--- Supplied records Enclosed Below ---
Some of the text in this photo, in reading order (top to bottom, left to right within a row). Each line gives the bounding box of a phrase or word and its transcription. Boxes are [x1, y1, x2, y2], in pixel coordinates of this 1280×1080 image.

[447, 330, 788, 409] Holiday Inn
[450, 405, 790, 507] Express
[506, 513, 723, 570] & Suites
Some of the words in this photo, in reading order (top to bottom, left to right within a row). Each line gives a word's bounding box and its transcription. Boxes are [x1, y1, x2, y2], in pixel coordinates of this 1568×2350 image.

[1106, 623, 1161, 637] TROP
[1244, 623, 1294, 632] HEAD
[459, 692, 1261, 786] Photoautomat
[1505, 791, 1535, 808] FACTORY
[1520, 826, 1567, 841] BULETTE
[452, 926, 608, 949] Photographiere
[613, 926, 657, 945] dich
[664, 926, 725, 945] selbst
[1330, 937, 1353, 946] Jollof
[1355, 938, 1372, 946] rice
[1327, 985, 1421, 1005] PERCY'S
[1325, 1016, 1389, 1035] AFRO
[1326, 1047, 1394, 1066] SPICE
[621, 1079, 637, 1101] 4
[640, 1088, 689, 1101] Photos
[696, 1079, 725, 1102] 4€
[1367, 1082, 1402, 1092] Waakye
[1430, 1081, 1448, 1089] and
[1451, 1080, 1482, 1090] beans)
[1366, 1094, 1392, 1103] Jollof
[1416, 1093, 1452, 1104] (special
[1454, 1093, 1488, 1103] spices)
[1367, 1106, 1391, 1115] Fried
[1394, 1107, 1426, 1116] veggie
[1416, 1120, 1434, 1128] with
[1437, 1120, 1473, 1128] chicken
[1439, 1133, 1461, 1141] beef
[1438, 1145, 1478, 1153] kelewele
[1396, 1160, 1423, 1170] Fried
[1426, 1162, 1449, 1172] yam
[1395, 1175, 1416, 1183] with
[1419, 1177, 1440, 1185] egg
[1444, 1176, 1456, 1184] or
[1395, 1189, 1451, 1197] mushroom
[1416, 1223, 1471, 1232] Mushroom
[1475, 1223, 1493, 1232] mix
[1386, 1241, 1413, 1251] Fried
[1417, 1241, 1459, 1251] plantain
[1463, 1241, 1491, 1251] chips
--- End of Enclosed Supplied records ---
▶ [Task to carry out]
Each record must be printed again, word for word, with nothing dropped.

▶ [Solution]
Some of the text in this photo, in reading order (top to bottom, left to right within a row). Each line gives the bounding box of a phrase or word and its transcription. Boxes are [x1, y1, x2, y2], in pixel coordinates of this 1280×1080 image.

[447, 330, 788, 409] Holiday Inn
[450, 405, 790, 507] Express
[506, 513, 723, 570] & Suites
Some of the words in this photo, in reading order (top to bottom, left to right within a row). Each line gives a word's bounding box and its transcription. Boxes are [x1, y1, x2, y2], in pixel coordinates of this 1568×2350 image.

[1106, 623, 1161, 637] TROP
[1244, 623, 1294, 632] HEAD
[459, 692, 1261, 786] Photoautomat
[1505, 791, 1535, 808] FACTORY
[1520, 826, 1567, 841] BULETTE
[452, 926, 608, 949] Photographiere
[613, 926, 657, 945] dich
[664, 926, 725, 945] selbst
[1330, 937, 1353, 946] Jollof
[1355, 938, 1372, 946] rice
[1327, 985, 1421, 1005] PERCY'S
[1325, 1016, 1389, 1035] AFRO
[1326, 1047, 1394, 1066] SPICE
[621, 1079, 637, 1101] 4
[640, 1088, 689, 1101] Photos
[696, 1079, 725, 1102] 4€
[1367, 1082, 1402, 1092] Waakye
[1430, 1081, 1448, 1089] and
[1451, 1080, 1482, 1090] beans)
[1366, 1094, 1392, 1103] Jollof
[1416, 1093, 1452, 1104] (special
[1454, 1093, 1488, 1103] spices)
[1367, 1106, 1391, 1115] Fried
[1394, 1107, 1426, 1116] veggie
[1416, 1120, 1434, 1128] with
[1437, 1120, 1473, 1128] chicken
[1439, 1133, 1461, 1141] beef
[1438, 1145, 1478, 1153] kelewele
[1396, 1160, 1423, 1170] Fried
[1426, 1162, 1449, 1172] yam
[1395, 1175, 1416, 1183] with
[1419, 1177, 1440, 1185] egg
[1444, 1176, 1456, 1184] or
[1395, 1189, 1451, 1197] mushroom
[1416, 1223, 1471, 1232] Mushroom
[1475, 1223, 1493, 1232] mix
[1386, 1241, 1413, 1251] Fried
[1417, 1241, 1459, 1251] plantain
[1463, 1241, 1491, 1251] chips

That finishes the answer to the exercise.